China Gives Exit Visas To Pro-Democracy Critics

While Beijing frees or expels dissidents, its ban on political expression persists

AFTER months under the constant eye of security police, outspoken journalist Zhang Weiguo said last week that he is being allowed to leave China for the United States.

Mr. Zhang, former Beijing correspondent of the banned World Economic Herald of Shanghai, told the Monitor in a telephone interview that he has been invited to be a research fellow at the University of California at Berkeley. He plans to focus on human rights and development of news media in China since economic reforms were launched in 1978.

Although he expects to receive his passport by Dec. 25, Zhang said he will postpone departure until January for health reasons. He intends to return to China.

"Being allowed to go overseas should not be taken as a major sign of improvement in China's human rights record. Much more attention should be given to human rights issues as a whole," Zhang said from his Shanghai home. "China is changing, and the study of human rights in China is in its beginning stage. A lot of work has to be done."

Zhang's departure comes as China continues to try to mute condemnation of its human rights record following the June 4, 1989, massacre of pro-democracy demonstrators in Beijing. In 1991, China pledged to then-Secretary of State James Baker III that it would grant exit visas to citizens not facing legal charges.

In August, China gave a passport to labor activist Han Dongfang, allowing him to seek medical treatment in the US.

And last month, Bao Zunxin, a former scholar at the China Academy for Social Sciences, was released on probation 19 months before the end of a five-year term imposed for his involvement in the Beijing demonstrations.

Yet while Beijing frees or expels some troublesome dissidents, the Communist dictatorship is not lifting its lid on political expression, Western and Chinese observers say.

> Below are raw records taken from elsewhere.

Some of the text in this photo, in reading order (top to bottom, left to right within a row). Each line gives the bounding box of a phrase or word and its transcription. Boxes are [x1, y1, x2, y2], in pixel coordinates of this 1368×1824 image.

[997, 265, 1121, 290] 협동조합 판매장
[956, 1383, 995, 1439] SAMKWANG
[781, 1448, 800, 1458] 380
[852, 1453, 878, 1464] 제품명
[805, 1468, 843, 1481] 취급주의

In recent weeks, Chinese secret police have detained several dissidents linked to the return this year of pro-democracy activist Shen Tong. Mr. Shen, who fled to the US after the brutal crackdown on demonstrators in Beijing, came back to China in July, was arrested in September, and expelled to the US in October.

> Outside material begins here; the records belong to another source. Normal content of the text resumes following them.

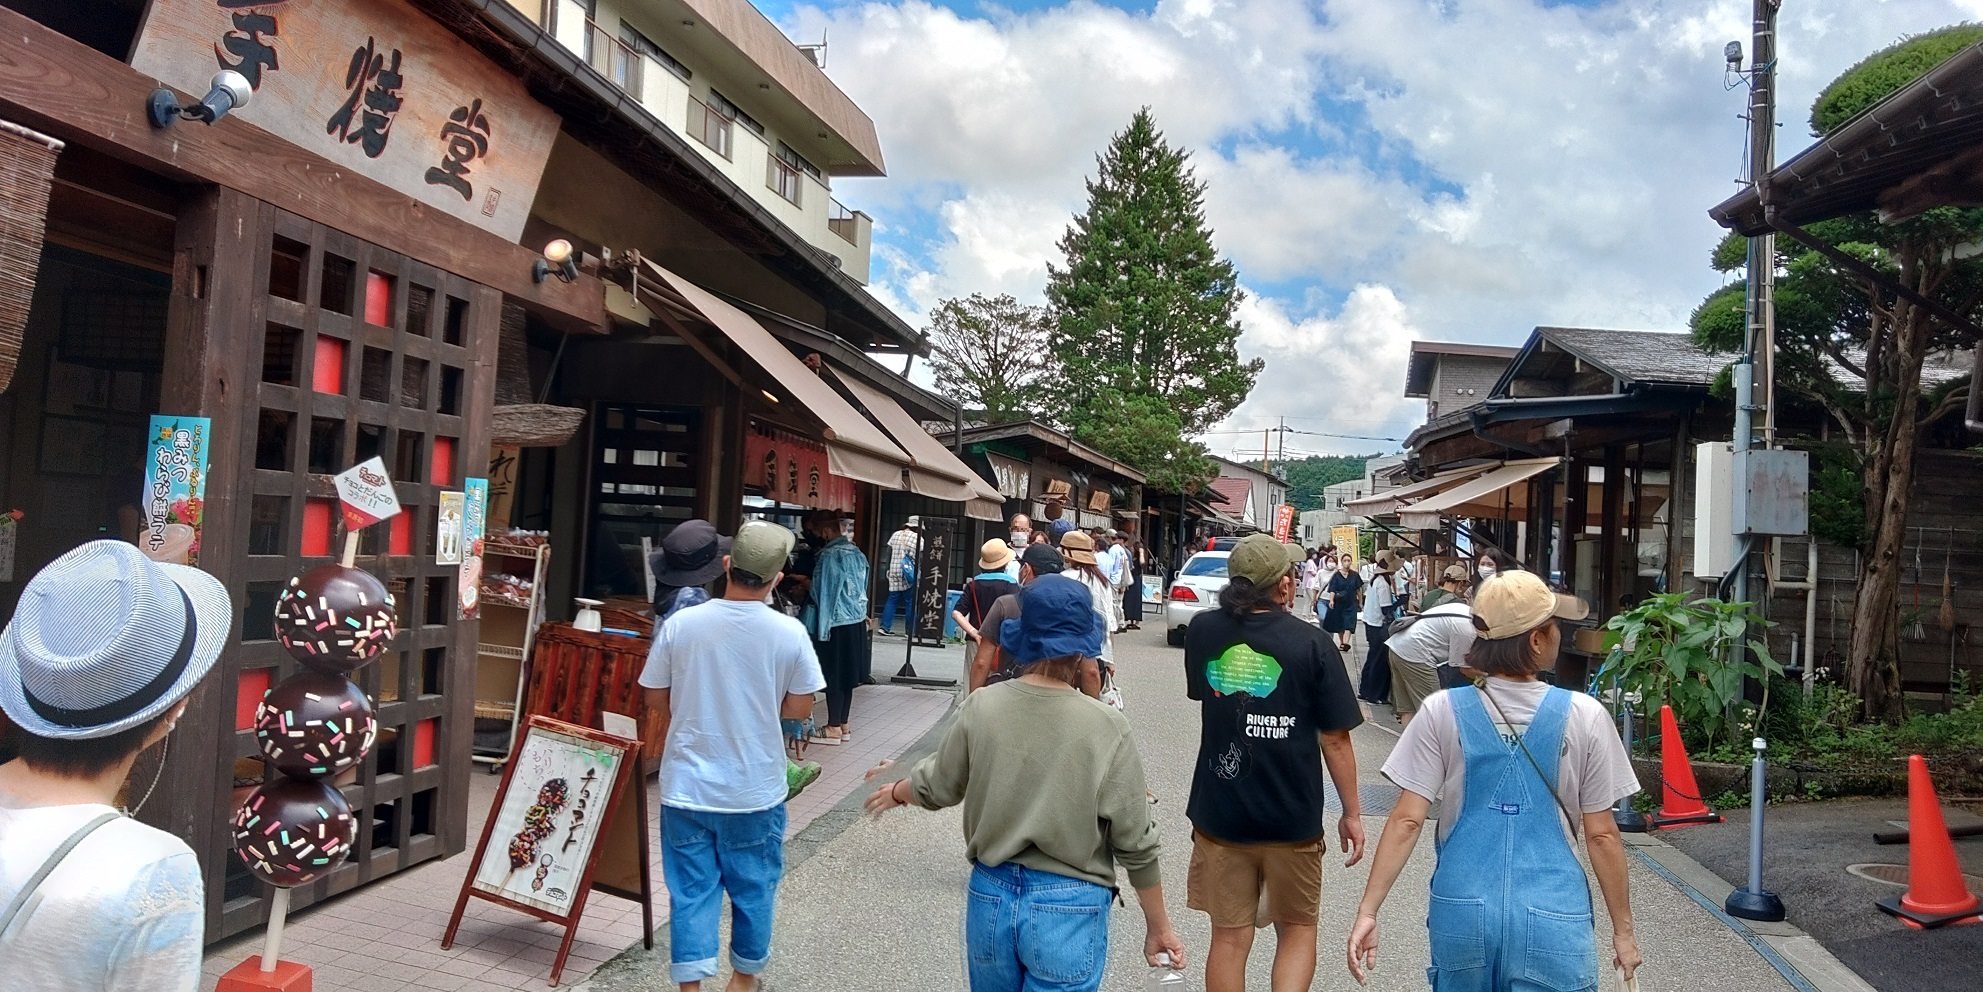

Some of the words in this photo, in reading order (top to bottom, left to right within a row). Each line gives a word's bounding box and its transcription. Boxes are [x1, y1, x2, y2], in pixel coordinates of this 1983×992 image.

[171, 429, 191, 482] 黒みつ
[149, 446, 172, 552] わらび餅ラテ
[343, 476, 393, 505] チョコとだんごの
[929, 535, 945, 561] 煎餅
[920, 565, 943, 630] 手焼堂
[1245, 726, 1290, 739] CULTURE
[1247, 713, 1278, 727] RIVER
[1279, 716, 1296, 727] SIDE
[562, 767, 598, 853] チョコマント

Activists say that Chinese police, in arresting Shen, may have captured detailed records of China's dissident network. Several activists who met Shen have since been detained, including An Ning, an archaeology graduate of Beijing University, and Meng Zhongwei, a former student at Zhengzhou University.

Recently, Li Honglin, a prominent advocate of political and economic reform and a scholar at the Fujian Academy of Social Sciences, was denied permission to leave China to lecture at several American universities. After attempting to negotiate between the government and the students during the Beijing protests, Mr. Li was jailed for 10 months.

In a new report, Amnesty International charges that prison torture is intensifying in China. "Torture has become endemic in many places of detention in China, and the abuses suffered by prisoners are now more severe than they were 10 years ago," the group says in a 1992 report.

Zhang, who said he was recently asked to join the council of the New York-based group, Human Rights in China, was imprisoned for 20 months after the Beijing massacre. The liberal World Economic Herald was shut down, and Zhang, a lawyer who had worked for the newspaper for three years, was expelled from the Shanghai branch of the China Academy of Social Sciences.

In February 1991, Zhang was released and told he would not be prosecuted. But he enraged Chinese authorities the following June when he was interviewed for a British Broadcasting Corporation program on the second anniversary of the crackdown.

"When Beijing leaders learned of the program, they became furious and blamed Shanghai authorities for failing to keep me under control," Zhang told the Monitor.

"After that, I was put under residence surveillance for 21 days" and later had to post bail and await trial, he said. "Even at that time, the public security authorities told me to seek an opportunity to go overseas and go out as soon as possible.

"This will save trouble for you as well as for us," he quoted security officials saying.

Zhang said President-elect Clinton should exert pressure on China to win the release of many still-jailed dissidents.

But "more importantly," he said, "China should overhaul its laws. We should deliberate on whether to do away with counterrevolutionary charges because under those charges, Chinese citizens are deprived of their freedom."

Despite some suggestions that economic reform could be accompanied by more political and social openness, the journalist said he does not foresee a return to the freedoms that gave birth to a paper like the Herald.

But Zhang contends the forces that led to the 1989 protests remain just below the surface in China. "The [pro-democracy] campaign is not far away," he says. "Under normal circumstances, China's political reform will take a long time."